Posted by: Brooks | Aug 3, 2005 3:59:38 PM
I think the answer to Lior's anthropological question may be the differences between common types of homicides and common types of sexual offenses. My understanding is that neighbor-to-neighbor homicide is extremely rare; most homicides involve drugs, gangs, relationships, robberies gone awry, etc. Sadly, neighbor-to-neighbor sexual offenses are much more common.
Posted by: Orin Kerr | Aug 3, 2005 3:22:12 PM
Christine,
You seem dismissive of all of the safety measures that parents have "glommed" on to. So these items don't help to keep children safer?
You aren't suggesting that allowing a child molester to live directly beside an elementary school possesses no increased danger to children are you? Are you aware of the recidivism rates among pedophiles? One study that I'm aware of (Center for Sex Offender Management) showed that within five years after release, same-sex child molesters had a recidivism rate of over 50%. Better than 50/50 that a child will be assaulted within five years of release. It doesn't sound like laws aimed at restricting their residency is a "red herring" at all.

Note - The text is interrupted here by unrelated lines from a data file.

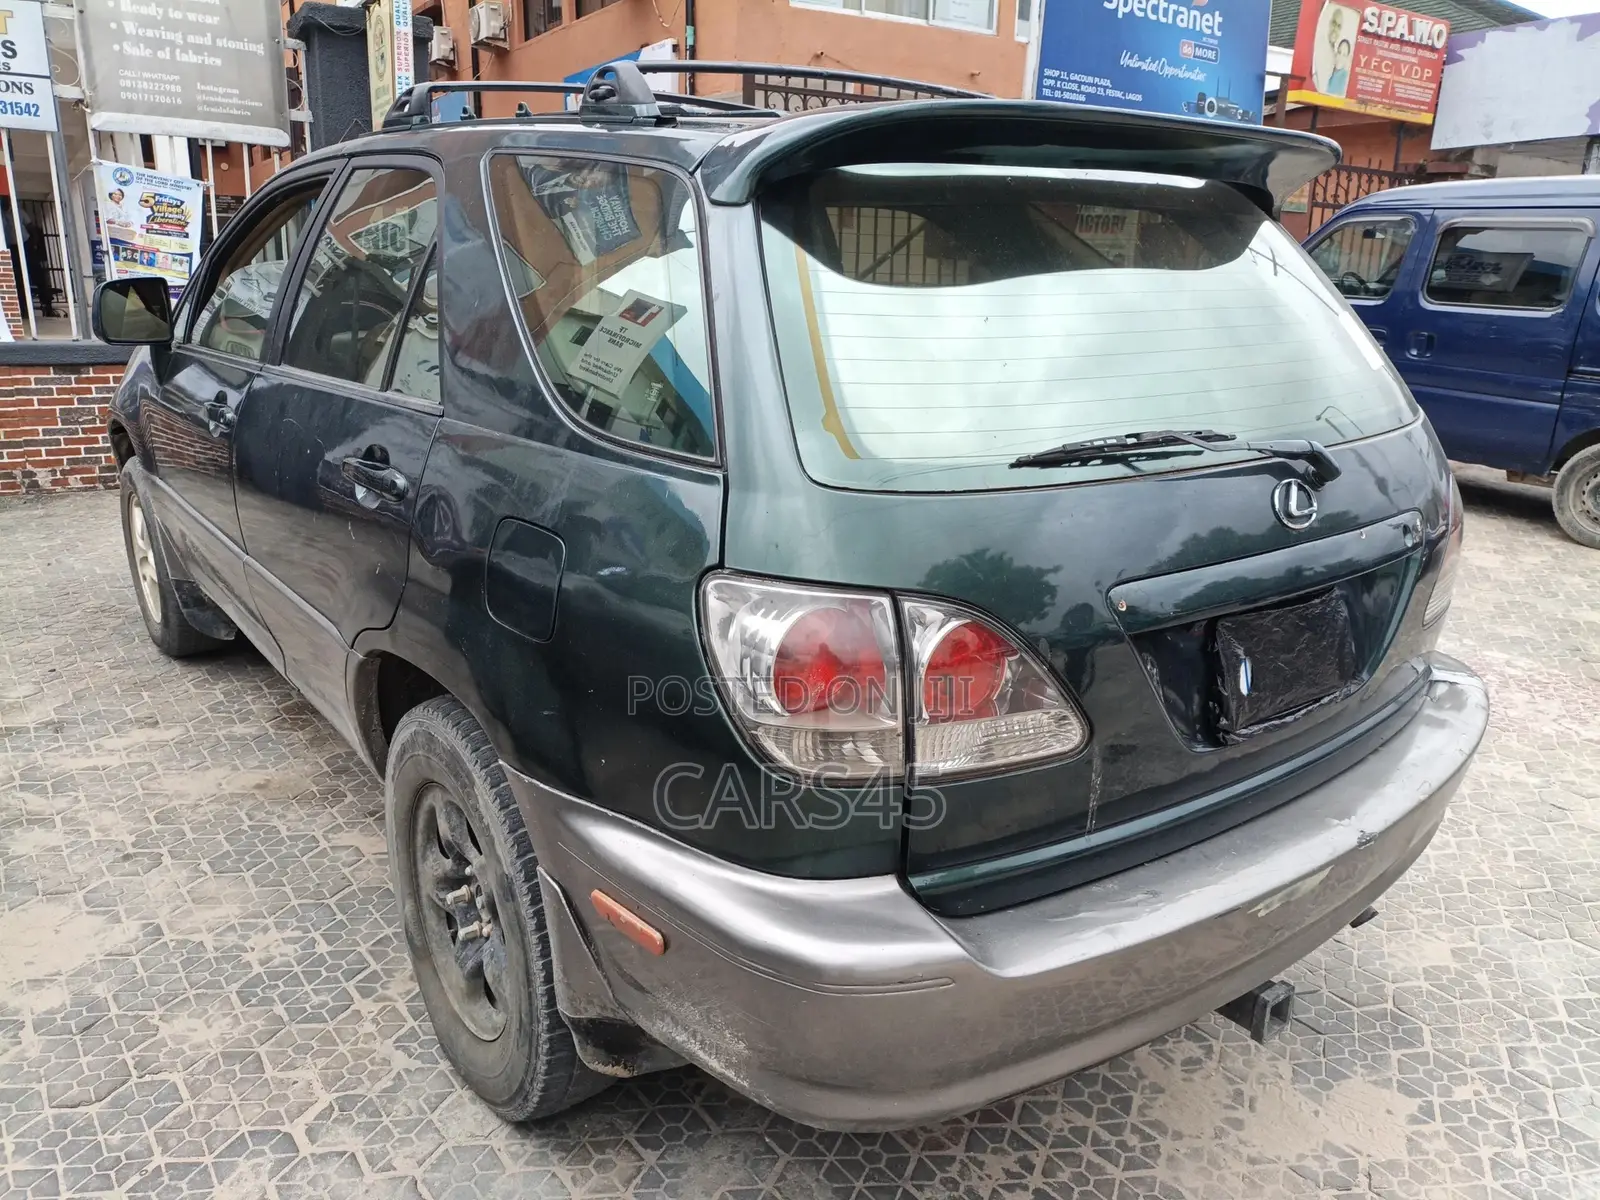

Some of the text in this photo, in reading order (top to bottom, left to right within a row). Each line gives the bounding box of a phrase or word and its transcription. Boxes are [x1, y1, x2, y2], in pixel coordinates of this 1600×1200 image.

[168, 8, 183, 19] to
[186, 11, 220, 25] wear
[121, 20, 265, 56] Weaving and stoning
[122, 41, 222, 67] Sale of fabrics
[1120, 50, 1160, 72] Unlimited
[1194, 47, 1217, 61] MORE
[118, 69, 136, 78] CALL
[141, 71, 180, 82] WHATSAPP
[1043, 68, 1060, 78] SHOP
[196, 82, 240, 94] Instagram
[1125, 92, 1143, 102] LAGOS
[0, 101, 41, 118] 31542
[138, 192, 156, 208] 5
[152, 203, 183, 214] Village

By the way, was your "it seems that one way to keep your kids away from sex offenders is not to date them" line a back-handed way of saying it is the parents fault? Given that so many women who are victimized by violence are or have been in a relationship with their attacker, what would you say if someone opposing a violence against women enhancement said "it seems that one way for women to keep from being raped or assaulted is to not date or marry rapists and abusers".
Posted by: MJ | Aug 3, 2005 1:34:42 PM
"Zoning Cartman." Now *that's* a great blog post title. Kudos, Lior.

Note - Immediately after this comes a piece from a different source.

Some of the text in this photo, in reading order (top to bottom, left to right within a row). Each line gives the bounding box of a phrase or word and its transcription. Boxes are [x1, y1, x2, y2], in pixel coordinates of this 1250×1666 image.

Posted by: Hillel Levin | Aug 3, 2005 1:18:23 PM
On only naked intuition, I assume that "we" focus on sex offenders because we believe that sex offenders are more likely to be recidivists, less likely to be subject to rational deterrence, and more likely to be "uncontrollable". Therefore, people naturally focus on ex ante avoidance more than ex post punishment.
I don't know if these generalizations are accurate, but they are part and parcel with the state regulations that provide for sex offenders to be perpetually imprisoned beyond their actual sentences if they are deemed to be continuing dangers.

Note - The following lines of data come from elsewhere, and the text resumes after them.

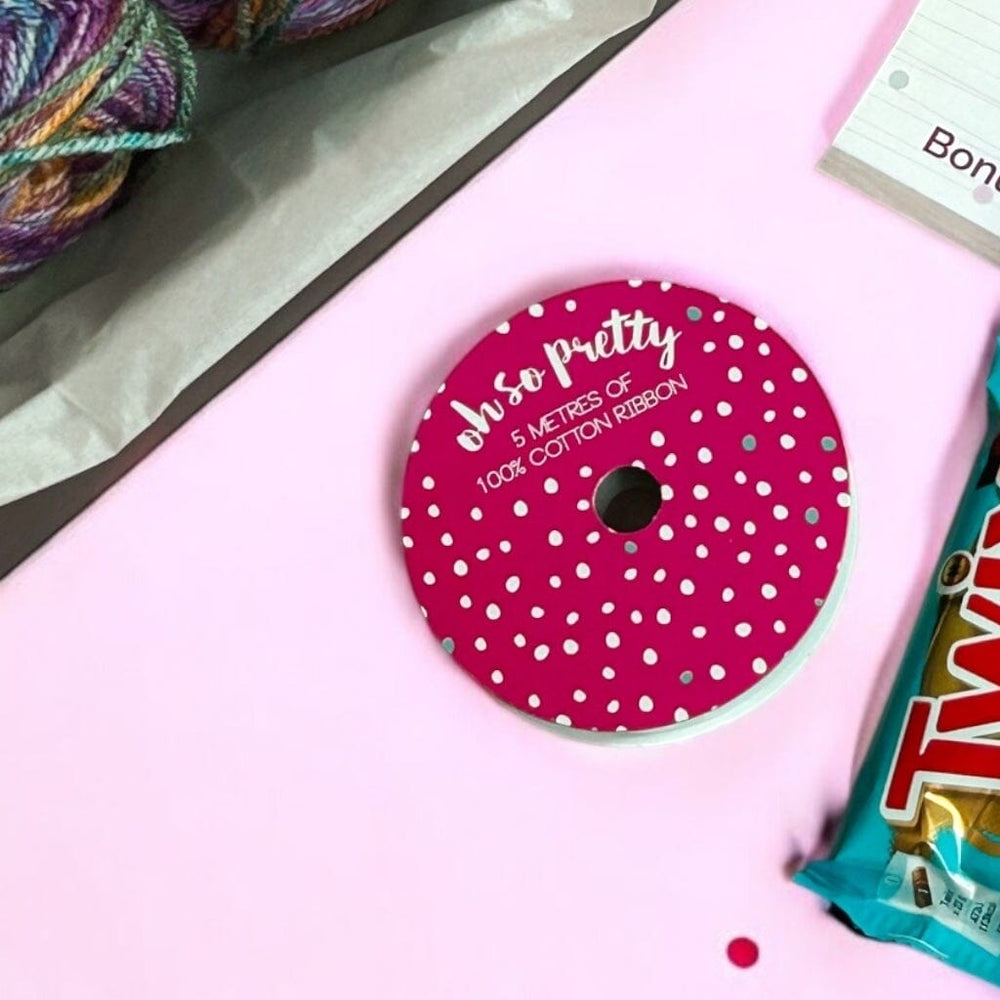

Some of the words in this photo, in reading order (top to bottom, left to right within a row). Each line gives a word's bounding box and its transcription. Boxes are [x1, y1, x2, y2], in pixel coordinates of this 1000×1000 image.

[449, 397, 505, 452] oh
[493, 366, 546, 406] so
[543, 308, 683, 389] pretty
[475, 455, 527, 494] 100%
[528, 412, 613, 467] COTTON
[611, 373, 690, 425] RIBBON
[510, 430, 527, 448] 5
[526, 389, 604, 438] METRES
[604, 371, 634, 400] OF
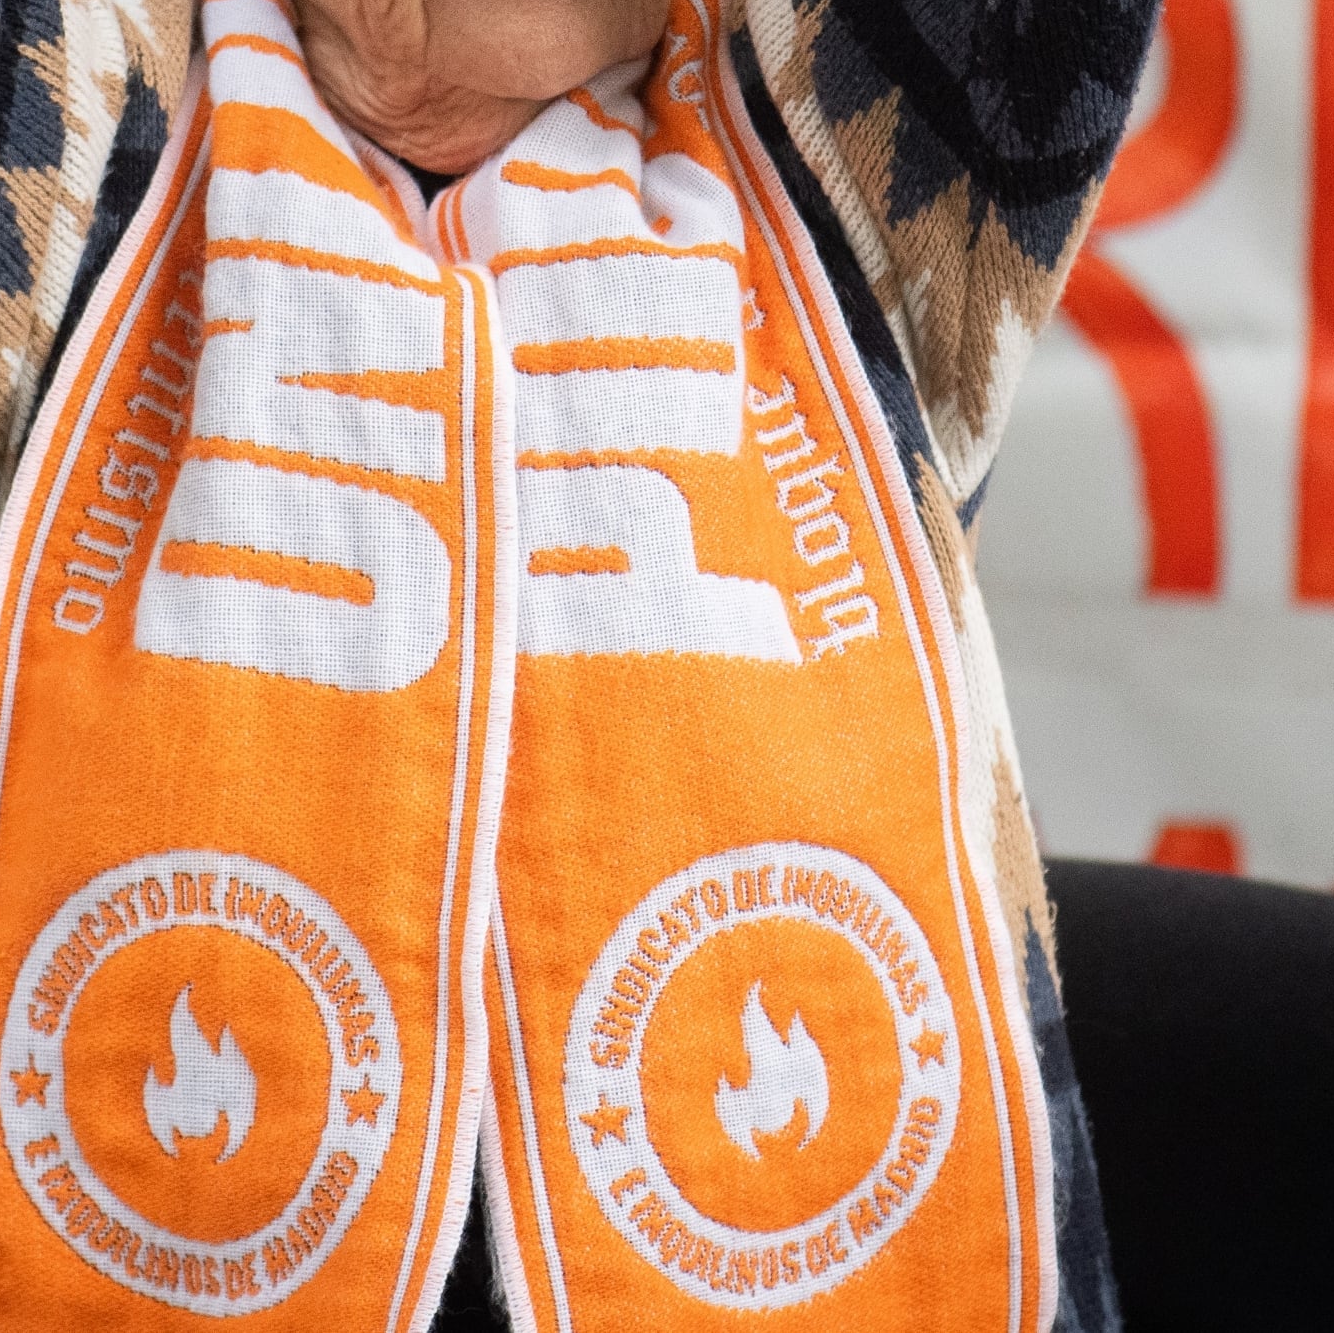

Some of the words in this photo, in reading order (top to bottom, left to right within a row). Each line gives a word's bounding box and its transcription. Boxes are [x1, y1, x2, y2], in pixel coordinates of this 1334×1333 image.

[746, 373, 879, 662] bloque
[173, 872, 219, 918] DE
[589, 878, 728, 1070] SINDICATO
[224, 1250, 263, 1300] DE
[805, 1222, 849, 1277] DE
[846, 1095, 943, 1248] MADRID

Posted by: Will Baude | Aug 3, 2005 12:06:36 PM
Lior, when I was guest blogging here, I blogged about new residential communities that were using deed restrictions to keep sex offenders from living there. I had the same reactions as you, namely what about murderers and thieves? Unfortunately, I think that this focus on the sex offenders is a misguided red herring for parents concerned about the safety of their children. Just as parents have glommed on to car seats, flame-resistant pajamas, outlet covers, and helmets for roller skating, ice skating, and riding a tricycle, parents glom on to the addresses of sex offenders to give them the ability to sleep through the night while raising children in a dangerous world. I can relax if I live in a sex-offender-free neighborhood. However, many of these sex-offender cases seem to involve family members or friends that would have been invited into your home anyway. At least from watching CNN.com, which is probably not a scientific survey, it seems that one way to keep your kids away from sex offenders is not to date them.